Photo by Benjamin Keoseyan
Student Government Association and Integrated Marketing Communications are working on an initiative to develop an app that would introduce live GPS shuttle tracking into the existing free Pepperdine app.
“Everything looks to be in its finalizing stages,” SGA President Demisse Selassie said. “We don´t have a finalized date [for the release] but it will be in the near, near future.”
Selassie said the idea is for students to open up the shuttle tracking app within the existing Pepperdine app in order to access a campus map in both satellite and terrain feeds. The map will have dots moving in real time representing the shuttles.

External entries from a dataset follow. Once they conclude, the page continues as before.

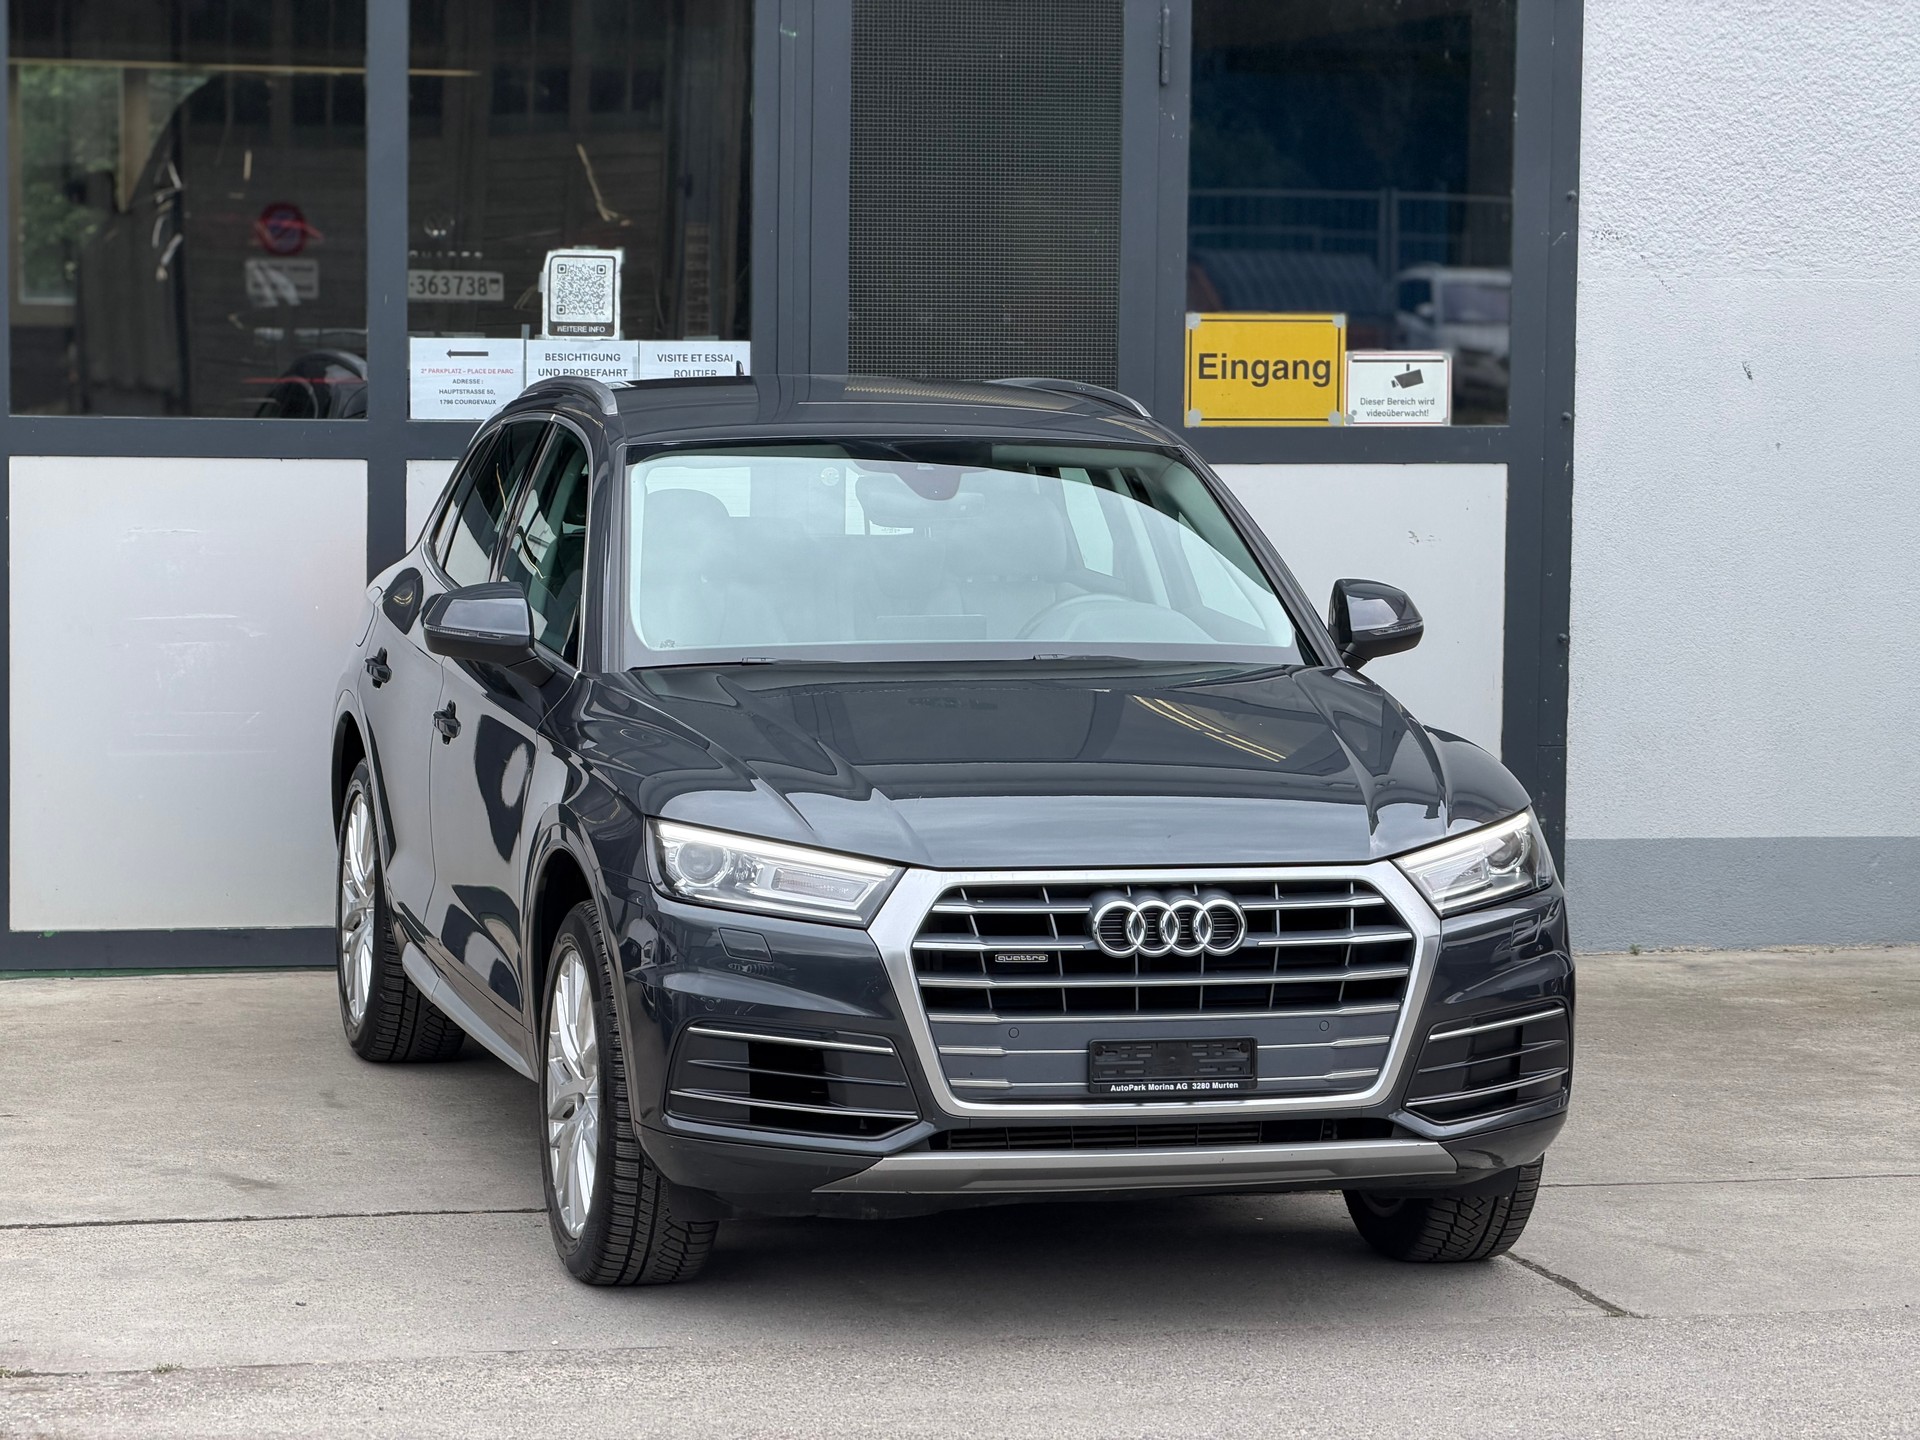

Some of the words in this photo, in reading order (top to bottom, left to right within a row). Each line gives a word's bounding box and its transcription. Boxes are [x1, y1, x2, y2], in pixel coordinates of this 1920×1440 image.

[544, 353, 621, 361] BESICHTIGUNG
[657, 353, 689, 362] VISITE
[691, 354, 703, 362] ET
[705, 354, 733, 362] ESSAI
[538, 368, 560, 376] UND
[562, 368, 628, 377] PROBEFAHRT
[1198, 353, 1331, 387] Eingang
[1359, 397, 1385, 405] Dieser
[1387, 397, 1416, 405] Bereich
[1417, 397, 1435, 405] wird
[1366, 408, 1429, 417] videoüberwacht!
[1110, 1083, 1146, 1092] AutoPark
[1148, 1083, 1174, 1091] Morina
[1176, 1082, 1188, 1090] AG
[1192, 1082, 1210, 1090] 3280
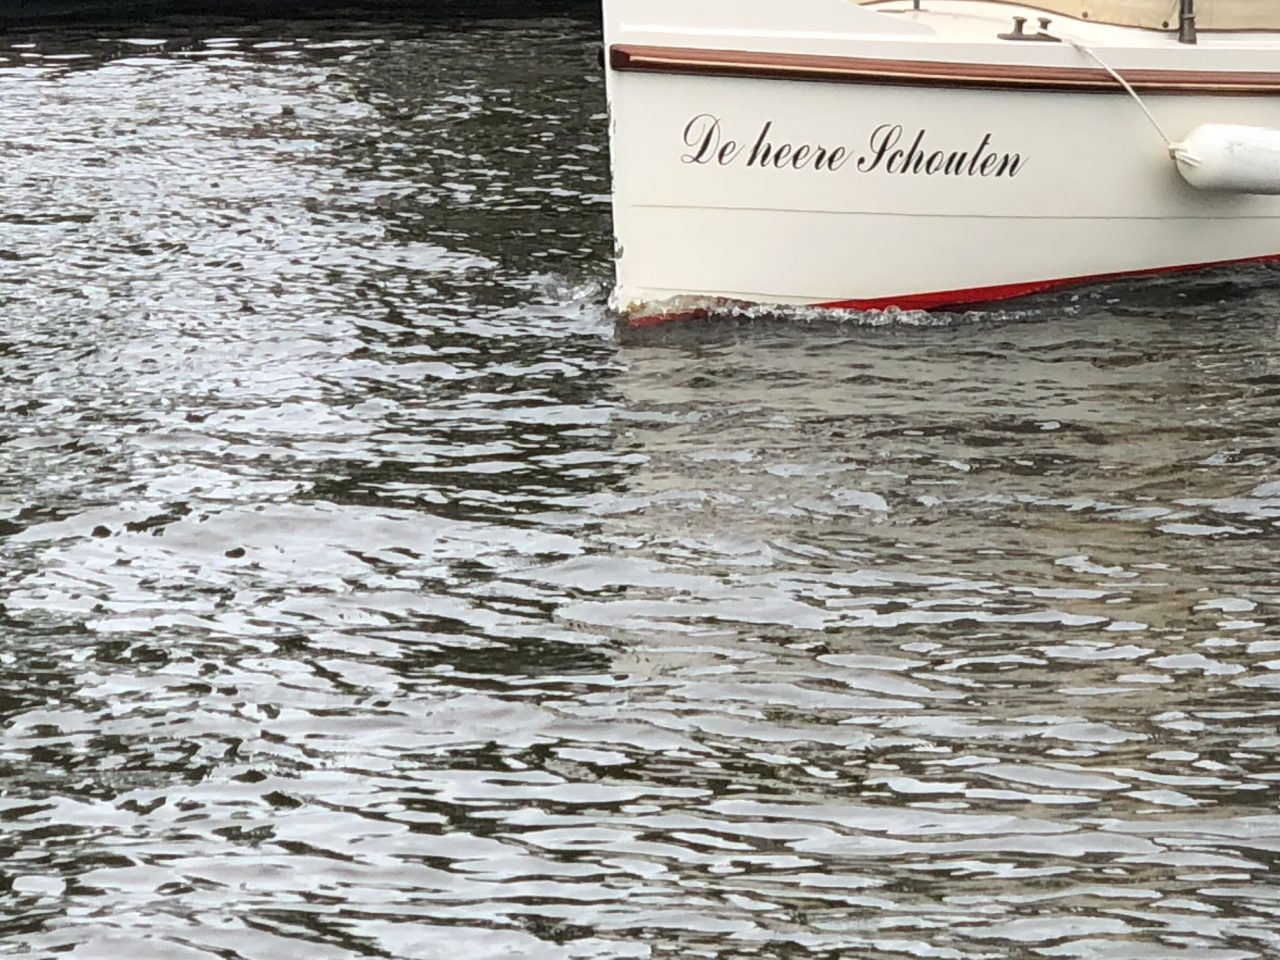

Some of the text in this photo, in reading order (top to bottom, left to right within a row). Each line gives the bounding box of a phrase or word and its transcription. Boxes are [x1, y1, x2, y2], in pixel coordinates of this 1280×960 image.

Selassie said the app will hopefully be released by the end of the spring semester. Selassie said completion and availability of the app all depends on the app developers and when they can do the installation for the final product to be ready. The cost is unknown.
Selassie said the original idea for the app came from SGA Senior President Taylor Smith. After she saw a similar app in full effect on the campuses of North Carolina State, Duke, Harvard and Stanford, she pitched the idea to SGA, after which it started being developed.

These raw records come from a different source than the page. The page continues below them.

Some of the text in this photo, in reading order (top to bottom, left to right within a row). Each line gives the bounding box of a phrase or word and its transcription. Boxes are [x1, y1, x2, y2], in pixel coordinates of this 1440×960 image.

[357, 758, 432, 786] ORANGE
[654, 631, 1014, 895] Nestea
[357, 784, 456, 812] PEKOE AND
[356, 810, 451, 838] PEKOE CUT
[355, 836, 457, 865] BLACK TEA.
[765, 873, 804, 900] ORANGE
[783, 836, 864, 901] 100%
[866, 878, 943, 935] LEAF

After the original pitch, the beta app was introduced. A select number of SGA and Pepperdine community members were granted temporary access to test out whether or not it would serve students.
“It’s just been fantastic,” Selassie said. “It’s unbelievable in the sense that it’s a step in the right direction in terms of tech and incorporating people to Pepperdine’s campus.”
There are two bus routes on Pepperdine’s campus: the blue route circles the campus clockwise between 8 a.m. and 5:15 p.m., and the orange route circles counter-clockwise from 8 a.m. to 10:30 p.m.
Selassie said the beta testing was a phenomenal success and that the spread of the finalized app will be remarkable because it has the potential to appeal to a wide variety of members of the community.
“For many reasons [it would help] students who potentially are disabled or for those who don’t want to wait out in the cold or rain,” he said.
Is it a good idea?
“[The app] is a good idea because the shuttles aren’t always right on time,” senior Connor Garelick said. “And I have seen many people leave because they didn’t know if the shuttle was coming or not. It would be amazing.”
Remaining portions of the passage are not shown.